> _WHAT IS BEING ASKED_
For every record below, repeat the text exactly and pass over any image.

[[ GIVEN ENTRIES, beginning ]]

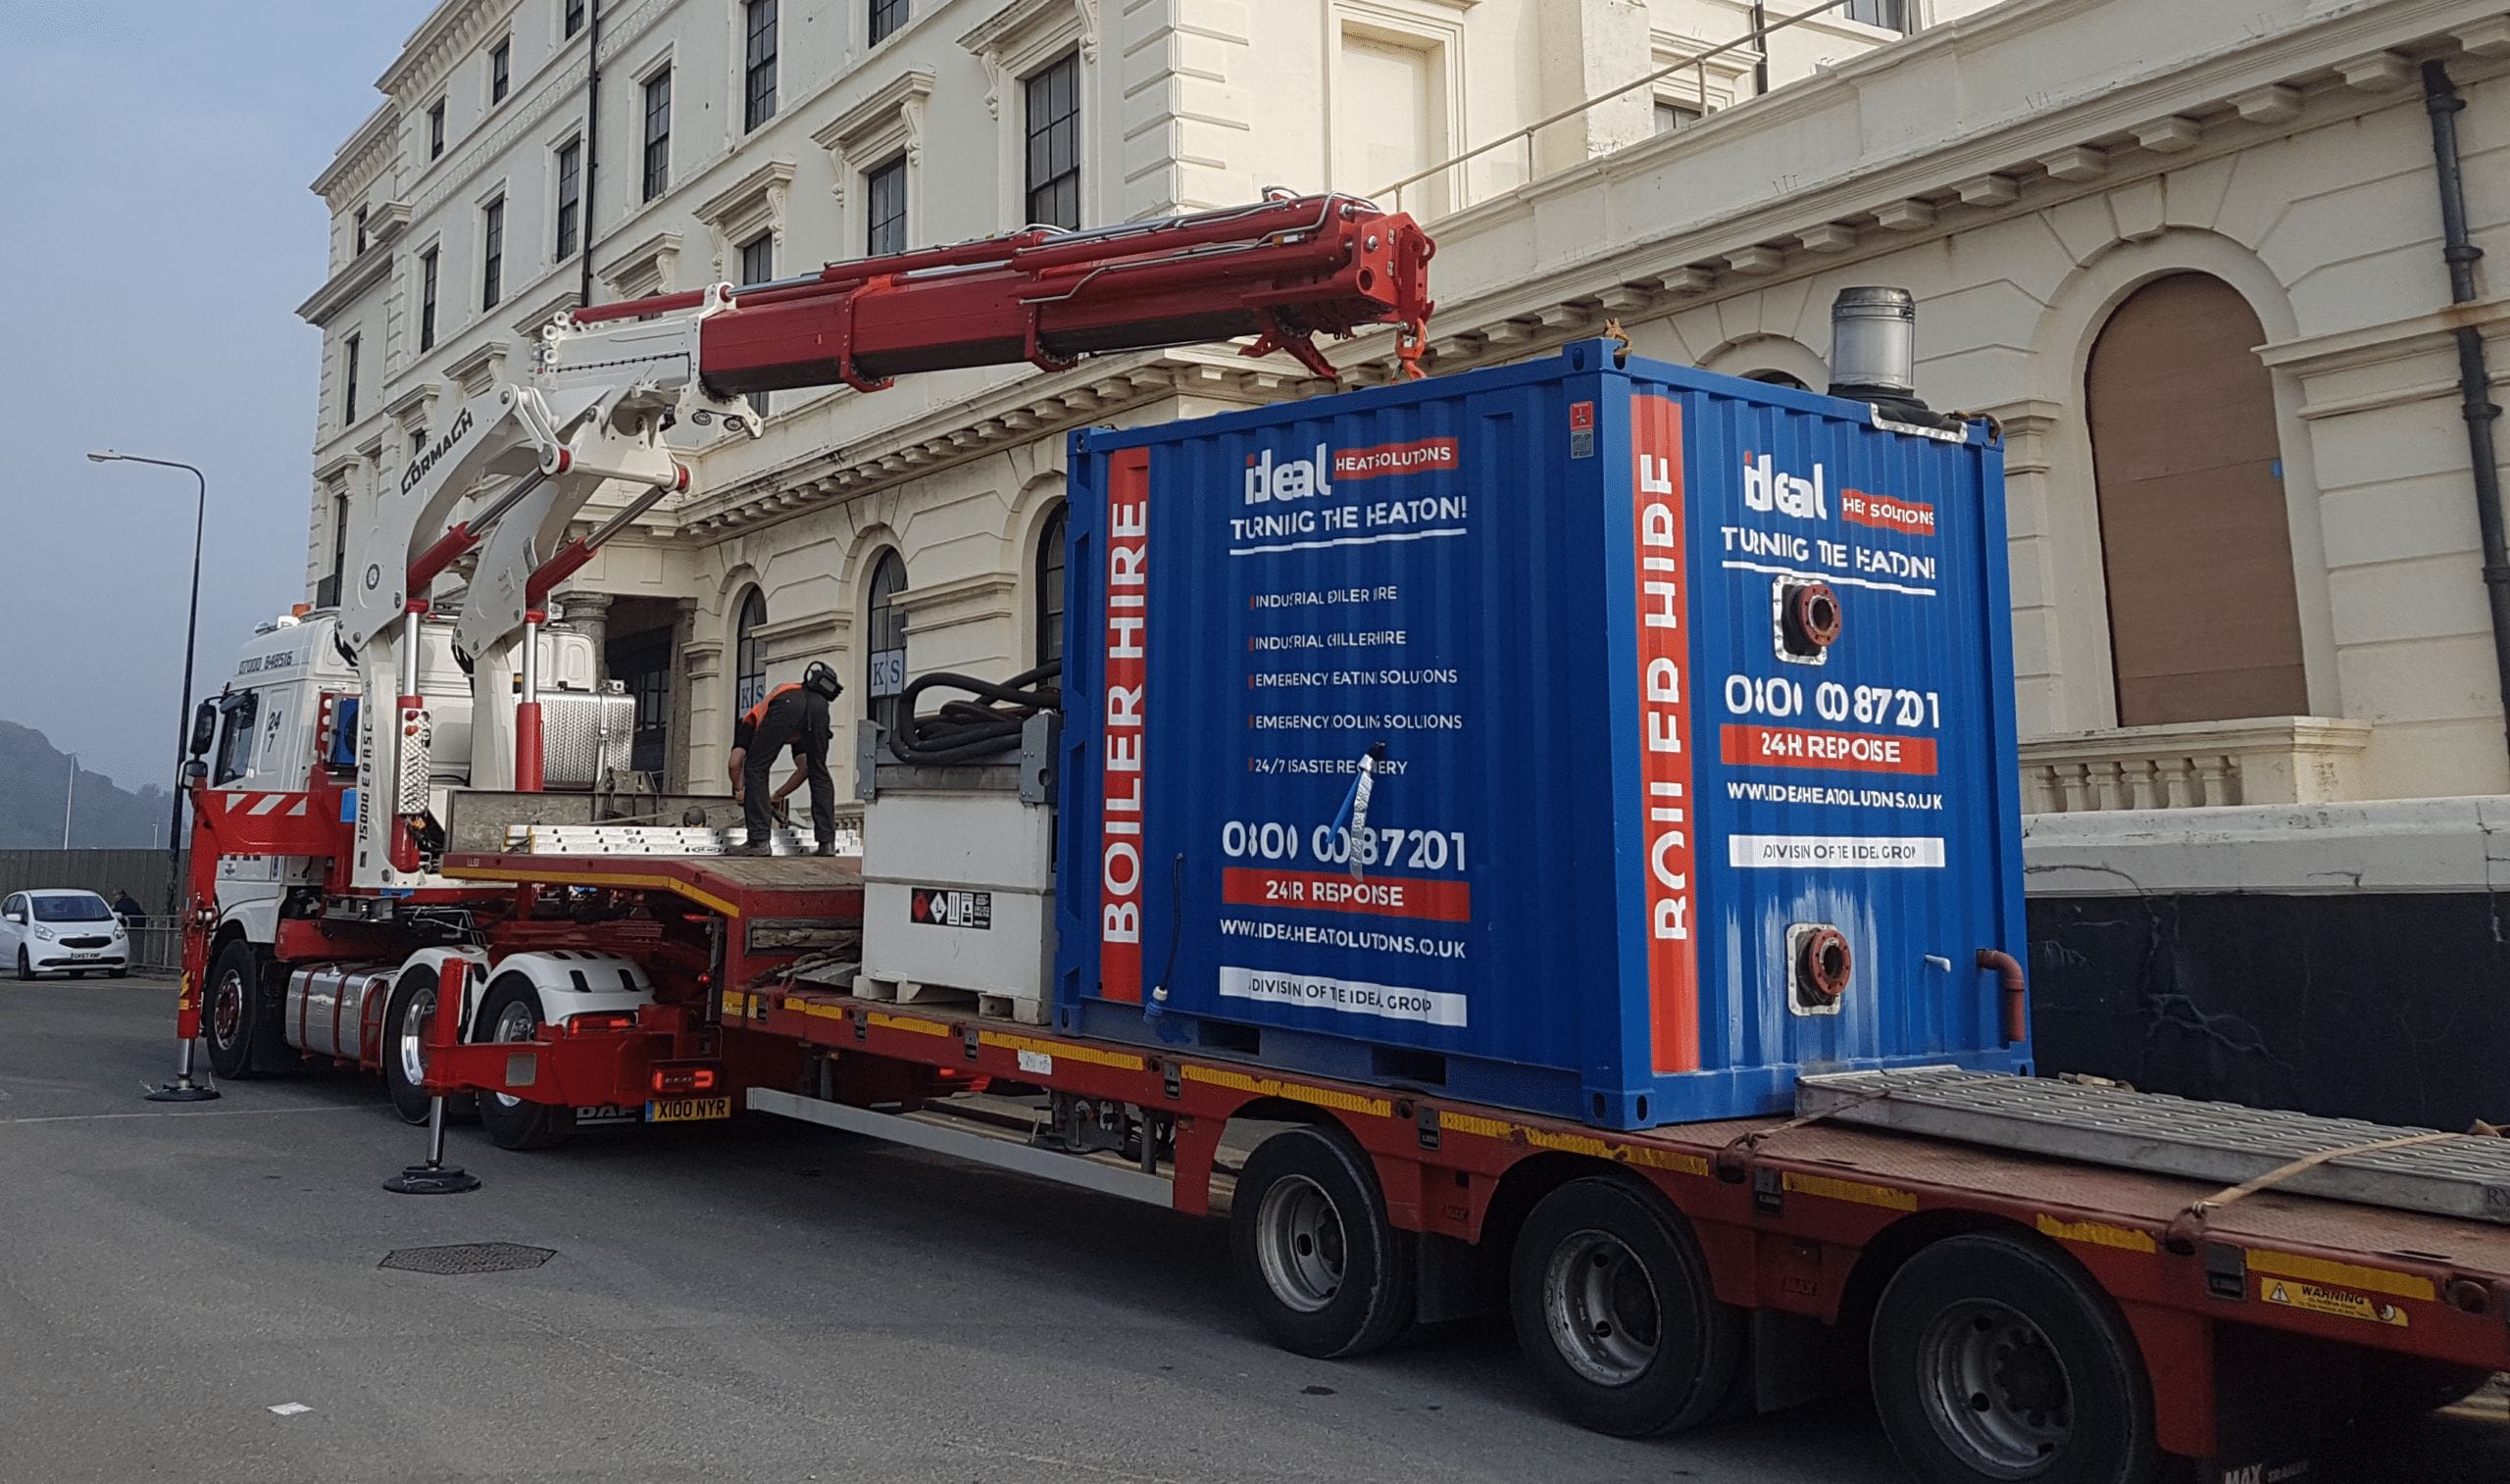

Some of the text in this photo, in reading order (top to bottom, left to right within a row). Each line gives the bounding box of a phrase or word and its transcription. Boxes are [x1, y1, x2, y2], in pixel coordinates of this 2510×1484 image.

[401, 407, 474, 496] CORMACH
[1245, 442, 1331, 505] ideal
[1744, 451, 1828, 520] ideal
[1109, 500, 1147, 660] HIRE
[268, 711, 282, 731] 24
[268, 733, 276, 753] 7
[1255, 758, 1285, 775] 24/7
[1103, 684, 1143, 944] BOILER
[1814, 844, 1835, 859] OF
[1306, 984, 1327, 999] OF
[658, 1099, 726, 1118] X100 NYR
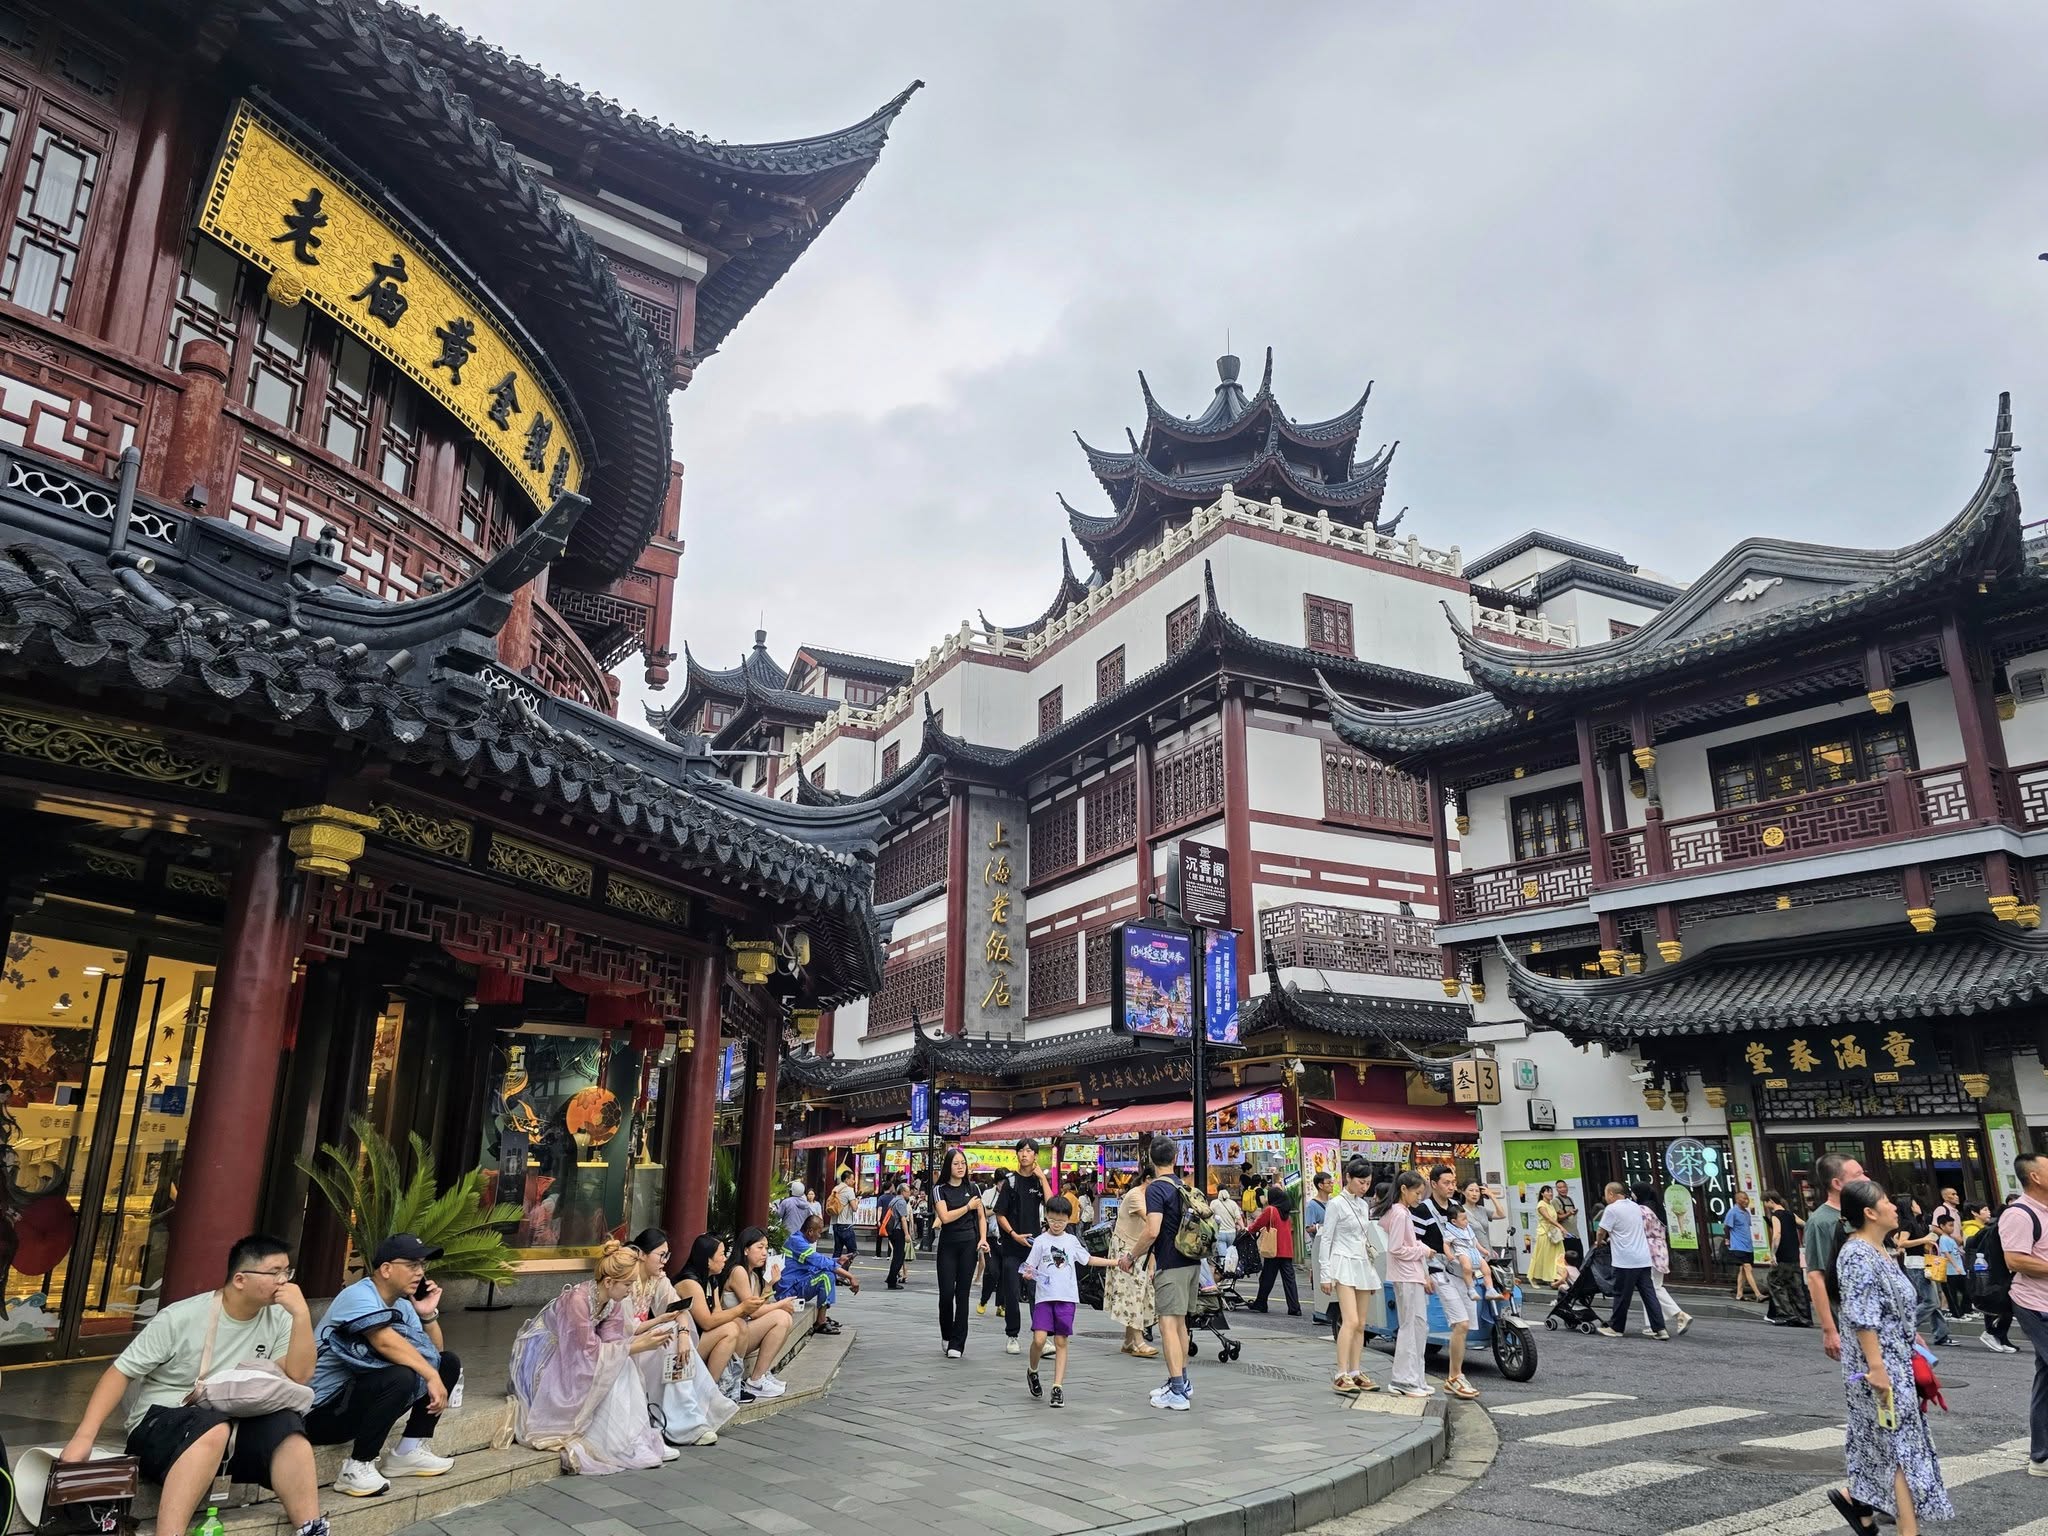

[[ GIVEN ENTRIES, end ]]

> _ANSWER SPACE_
Some of the text in this photo, in reading order (top to bottom, left to right within a row). Each line gives the bounding box of a phrase or word and its transcription. Boxes are [x1, y1, x2, y2], in pixel coordinates of this 2510×1484 image.

[401, 407, 474, 496] CORMACH
[1245, 442, 1331, 505] ideal
[1744, 451, 1828, 520] ideal
[1109, 500, 1147, 660] HIRE
[268, 711, 282, 731] 24
[268, 733, 276, 753] 7
[1255, 758, 1285, 775] 24/7
[1103, 684, 1143, 944] BOILER
[1814, 844, 1835, 859] OF
[1306, 984, 1327, 999] OF
[658, 1099, 726, 1118] X100 NYR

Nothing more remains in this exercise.